Yehouda Enzel, Rivka Amit, J. Bruce J. Harrison, and Naomi Porat

Isr. J. Earth Sci.; 43: 91-103



Fault scarps and terrace risers in the southern Arava, Israel, were analyzed to determine the applicability of morphologic dating through a diffusion modeling approach (a) as an estimator of age and (b) as a relative age dating tool. The relative effect on the modeling results of estimating both the initial scarp angle and the regional diffusion coefficient was also evaluated. Using diffusion modeling we were able to differentiate between slopes that varied in age, based on soil-geomorphic studies, by only a few thousands of years. The modeling results indicate that the specifically studied fault scarp is between 50,000 and 17,000 years old. The large range of the estimated age results from the range of possible diffusion coefficients.
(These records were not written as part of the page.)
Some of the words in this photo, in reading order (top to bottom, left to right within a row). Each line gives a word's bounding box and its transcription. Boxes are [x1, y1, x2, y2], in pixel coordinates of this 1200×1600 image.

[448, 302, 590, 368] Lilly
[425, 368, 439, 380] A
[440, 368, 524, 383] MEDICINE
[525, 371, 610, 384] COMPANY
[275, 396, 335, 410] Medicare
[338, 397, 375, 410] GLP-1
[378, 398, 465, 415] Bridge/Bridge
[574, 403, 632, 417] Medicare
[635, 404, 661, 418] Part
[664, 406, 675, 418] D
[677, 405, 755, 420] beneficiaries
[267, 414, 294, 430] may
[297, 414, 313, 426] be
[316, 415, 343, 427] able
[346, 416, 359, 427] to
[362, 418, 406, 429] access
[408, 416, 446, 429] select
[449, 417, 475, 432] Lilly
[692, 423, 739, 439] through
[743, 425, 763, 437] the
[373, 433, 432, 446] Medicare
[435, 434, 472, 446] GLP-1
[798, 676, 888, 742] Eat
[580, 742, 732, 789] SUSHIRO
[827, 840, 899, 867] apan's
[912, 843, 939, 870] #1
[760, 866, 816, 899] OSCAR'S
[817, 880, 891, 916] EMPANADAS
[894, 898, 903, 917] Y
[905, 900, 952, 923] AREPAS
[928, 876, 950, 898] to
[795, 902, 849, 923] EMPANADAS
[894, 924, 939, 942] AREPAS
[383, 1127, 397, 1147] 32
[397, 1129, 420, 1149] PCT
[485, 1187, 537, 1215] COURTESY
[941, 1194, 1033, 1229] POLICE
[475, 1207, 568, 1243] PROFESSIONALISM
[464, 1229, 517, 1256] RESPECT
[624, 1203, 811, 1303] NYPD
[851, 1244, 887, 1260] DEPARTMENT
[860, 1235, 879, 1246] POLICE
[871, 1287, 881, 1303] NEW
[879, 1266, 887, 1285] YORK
The model also predicted early and middle Holocene ages for two terrace risers, which are younger than the fault scarp according to field stratigraphic relationships. The morphologic age determined by the modeling agrees well with the correlative age from earlier soil and geomorphologic studies and with recently acquired optically stimulated luminescence (OSL) dates. Combining the OSL dates with the morphologic ages allowed us to calculate a diffusion coefficient of 2 X 10-4 to 3 X 10-4 for these scarps. The agreement between the ages, which were independently estimated by all three methods, makes it possible to estimate (a) the recurrence interval of faulting along this segment of the fault with some confidence and (b) the time since faulting and intensity of the seismic activity in the region as seen from the long-term perspective. Assuming that the displacement and earthquake magnitude are correlated, the magnitudes associated with the studied fault are all smaller than 7.5 and appear to change from higher magnitudes (about 7) during the latest Pleistocene, to lower magnitudes (about 6) during the Holocene. Scarp diffusion modeling provides acceptable estimates of ages of faulting events in a region where other age dating methods (numeric or correlative) are non-existent or rare, time-consuming, or very expensive. In addition, the ability of the modeling to distinguish between scarps of different ages provides us with a tool to group the numerous fault scarps in the southern Arava according to their morphologic ages and to help in tectonic analysis of that region.